Yep, sometimes there are pesky mutants laying in wait for you; all of whom are eager to meet the game’s weapon set. Beardo can repel the alien menace with his default nailgun, trusty six shooter, shotgun, or self-trigger mines fired from something called a Mag Shooter (this last one is also useful for blowing holes in walls, and yourself). Individually, the alien mutants aren’t much of a threat, but if you fail to destroy their spawn points it’s easy to find yourself swarmed and gnawed to bits.
After you’ve gathered enough bits of interesting cargo in a given sector of space, you’ll get to chance to grab a sector pass. Manage to retrieve it, and you’ll have a couple of options: keep inviting more waves in an attempt to beat the high score, or end your work day and travel to another area to start the process all over again.
Each sector appears to randomly generate incoming containers and cargo types, possibly based on some kind of algorithm behind the name it has been given. That is, if you use a sector pass and type in “Moon” (as I did), you’ll get a sector that’s the same each time you play it, but original when compared with all the others out there.
There’s a neat little touch to this procedural permanence. The corpses of other players who’ve died at some point in the level will be positioned where they fell, and can be looted for extra supplies.
As your Riker-a-Like locates and salvages unique cargo pieces, he rises through the Cargo Corp. ranks and gains certain privileges. These take the form of a permanent upgrade station for your home base (so that you can buy ammo and gun improvements from the safety of your HQ) and other unlocks like the ‘Journey Mode’. This is essentially a survival mode that immediately blows up your base, and forces you through an endless series of containers until the inevitable conclusion.
Cargo Commander also possesses a subtle narrative about your estrangement from a wife and son, both of whom are under the impression that you have some sort of easy desk job. Periodically, you can sell bits of cargo to pay the (ever-increasing) delivery fees for packages that are being sent from home. As far as game stories go this one is applied with a pretty light touch, but it offers just enough details and space-isolation to invite that comparison with Moon made in the introduction (hopefully this game doesn’t end quite the same way).
Controlling the Mighty Beard in his transition between space and not-space can be a bit of a fiddly process at times. Each container has its own idea about which way is ‘down’ for the purposes of gravity, so you’ll sometimes find yourself entering one from ‘below’ only to discover that’s actually the ceiling. The problem is, the controls will also switch on you, so pressing up to enter the container will now cast you back into space. There’s a finesse to it, which can often evade you in the midst of a rapid dash back to your home base.
Semi-procedural generation of container layouts can bring the odd strange or annoying moment too. Like when a cargo box is blocked off by indestructible walls, or a whole host of monsters rushing on top of you the second you set foot inside an area.
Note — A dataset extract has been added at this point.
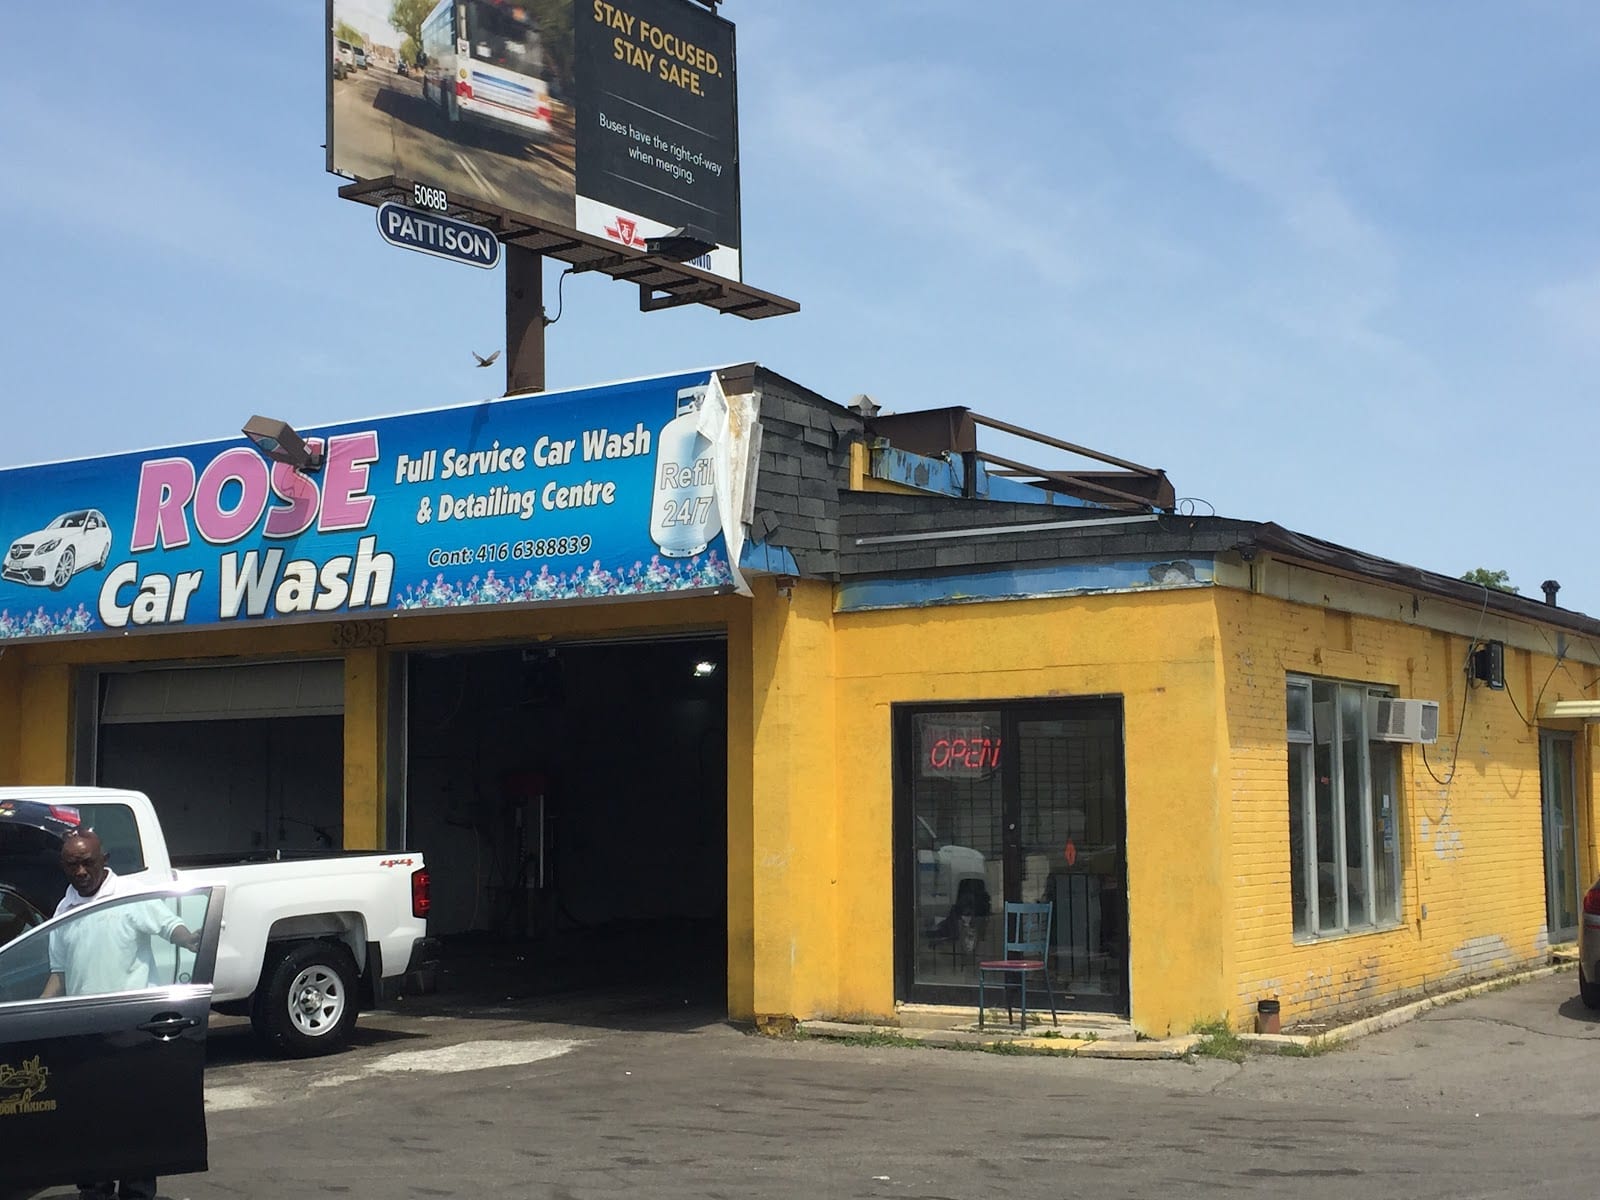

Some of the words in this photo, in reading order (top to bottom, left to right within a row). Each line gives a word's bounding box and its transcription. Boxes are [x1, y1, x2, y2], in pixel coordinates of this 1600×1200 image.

Still, it’s nothing that a good old mash of the “fuck you!” button (yes, that really is a thing) can’t fix.
Cargo Commander takes a simple concept (grab the glowing blue boxes, dummy) and houses it within an addictive and responsive structure. Whether you’re working towards the rank that will grant your guy some shore leave, trying to knock a rival off the high-score table, or setting a new best score in the recently created “IMCOOL” sector, it all drives the same urge to whack the magnet control one more time. Space may be lonely, but it’s never boring.
Cargo Commander should be drifting onto Steam sometime in November. Price TBA.